=== Task to complete ===
The reply must repeat the listing below exactly and carry none of its pictures.

=== Given data ===
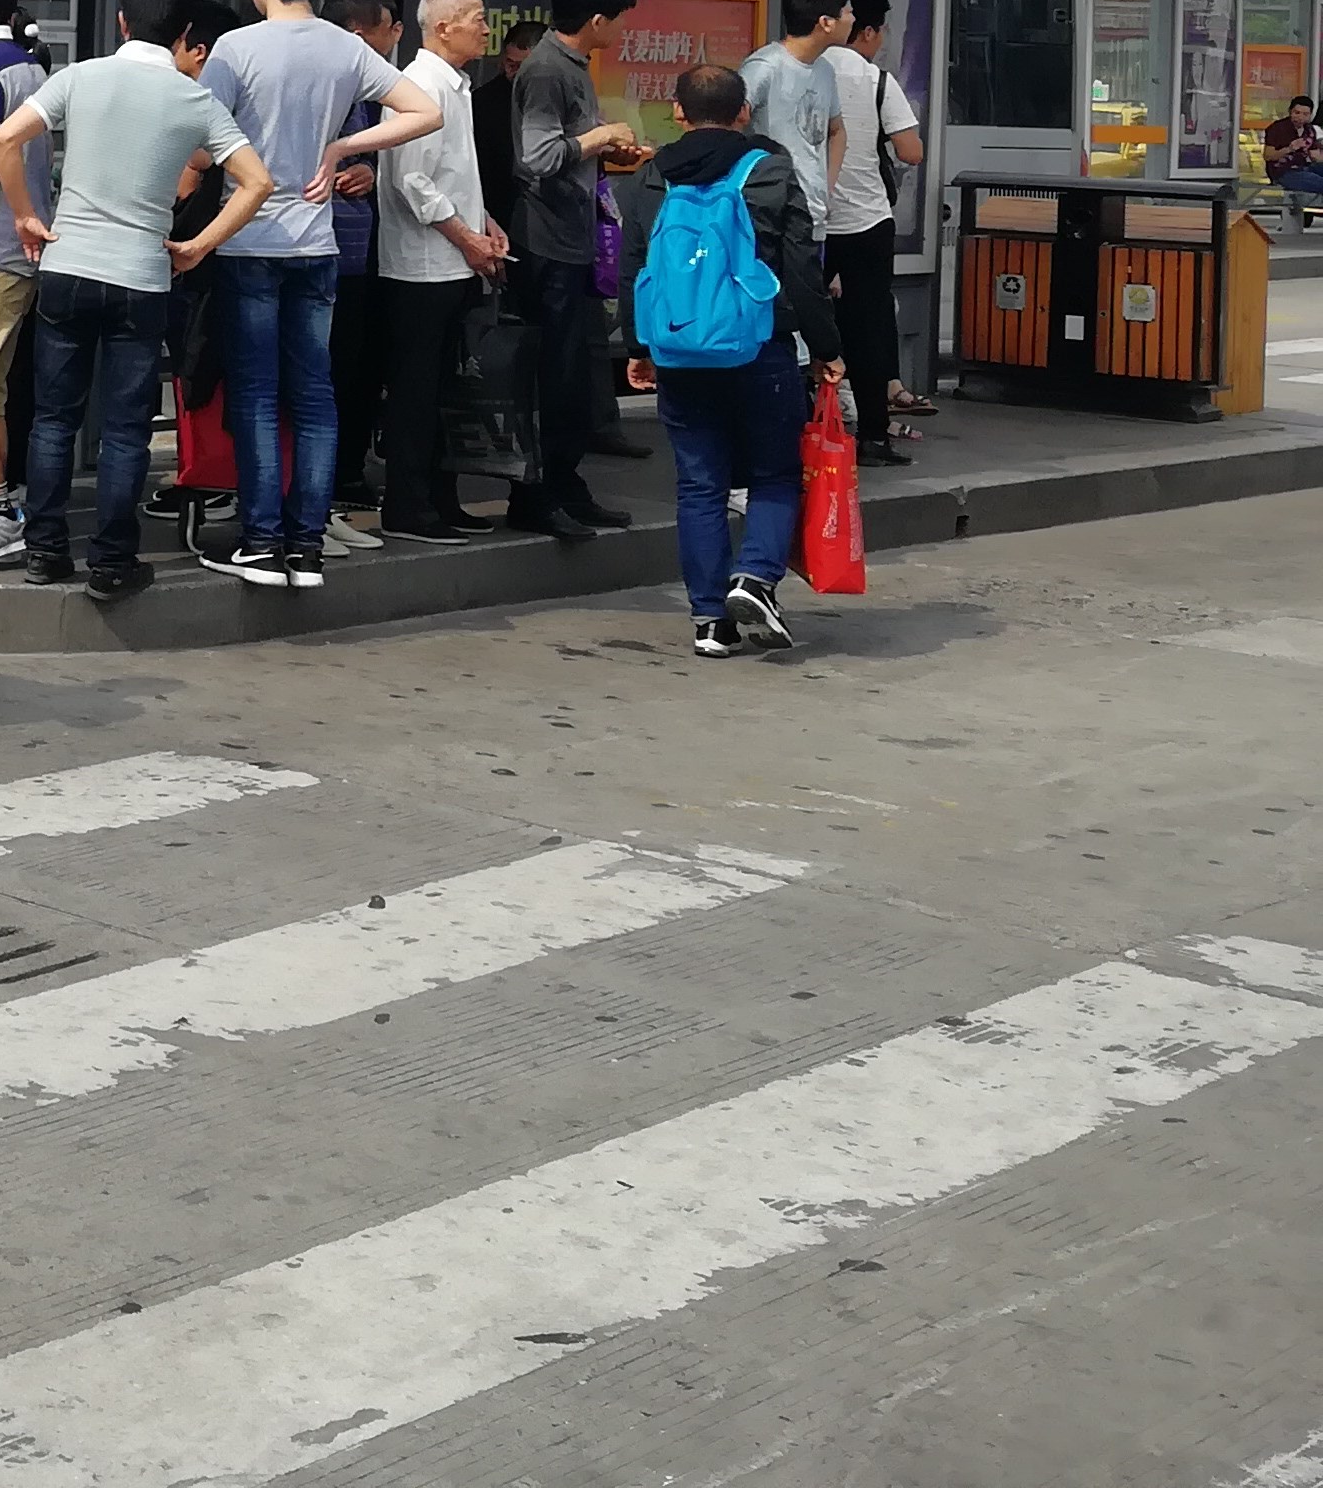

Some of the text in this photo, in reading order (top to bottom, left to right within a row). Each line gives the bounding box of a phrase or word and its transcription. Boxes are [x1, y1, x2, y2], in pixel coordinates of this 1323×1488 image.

[486, 5, 552, 56] 时
[617, 29, 708, 64] 关爱未成年人
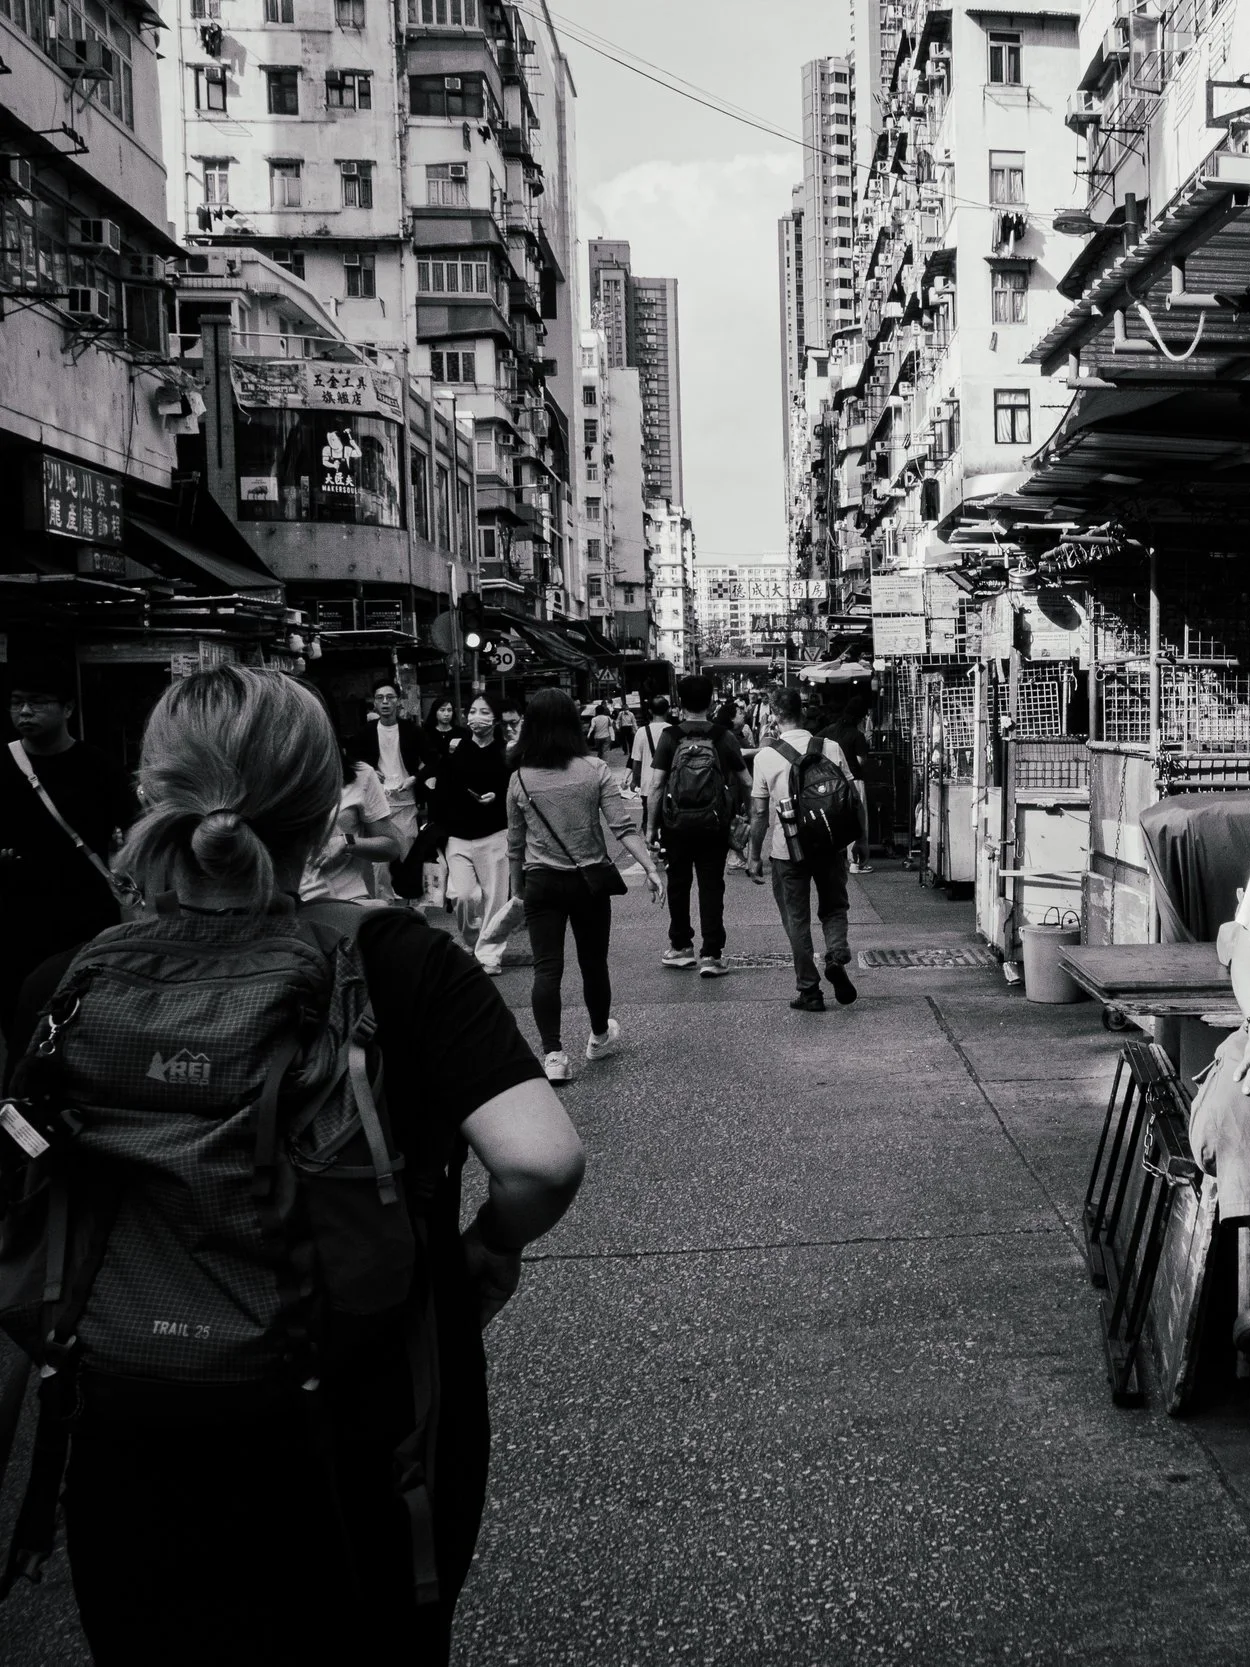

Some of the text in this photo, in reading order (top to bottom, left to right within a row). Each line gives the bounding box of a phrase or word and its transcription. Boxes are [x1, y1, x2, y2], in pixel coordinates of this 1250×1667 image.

[313, 374, 367, 390] 五金工具
[321, 485, 358, 495] MAKERSOUL
[494, 653, 513, 666] 30
[170, 1061, 211, 1077] REI
[153, 1320, 211, 1340] TRAIL 25

=== Solution to this exercise ===
Some of the text in this photo, in reading order (top to bottom, left to right within a row). Each line gives the bounding box of a phrase or word and its transcription. Boxes are [x1, y1, x2, y2], in pixel coordinates of this 1323×1488 image.

[486, 5, 552, 56] 时
[617, 29, 708, 64] 关爱未成年人

Some of the text in this photo, in reading order (top to bottom, left to right within a row). Each line gives the bounding box of a phrase or word and its transcription. Boxes are [x1, y1, x2, y2], in pixel coordinates of this 1250×1667 image.

[313, 374, 367, 390] 五金工具
[321, 485, 358, 495] MAKERSOUL
[494, 653, 513, 666] 30
[170, 1061, 211, 1077] REI
[153, 1320, 211, 1340] TRAIL 25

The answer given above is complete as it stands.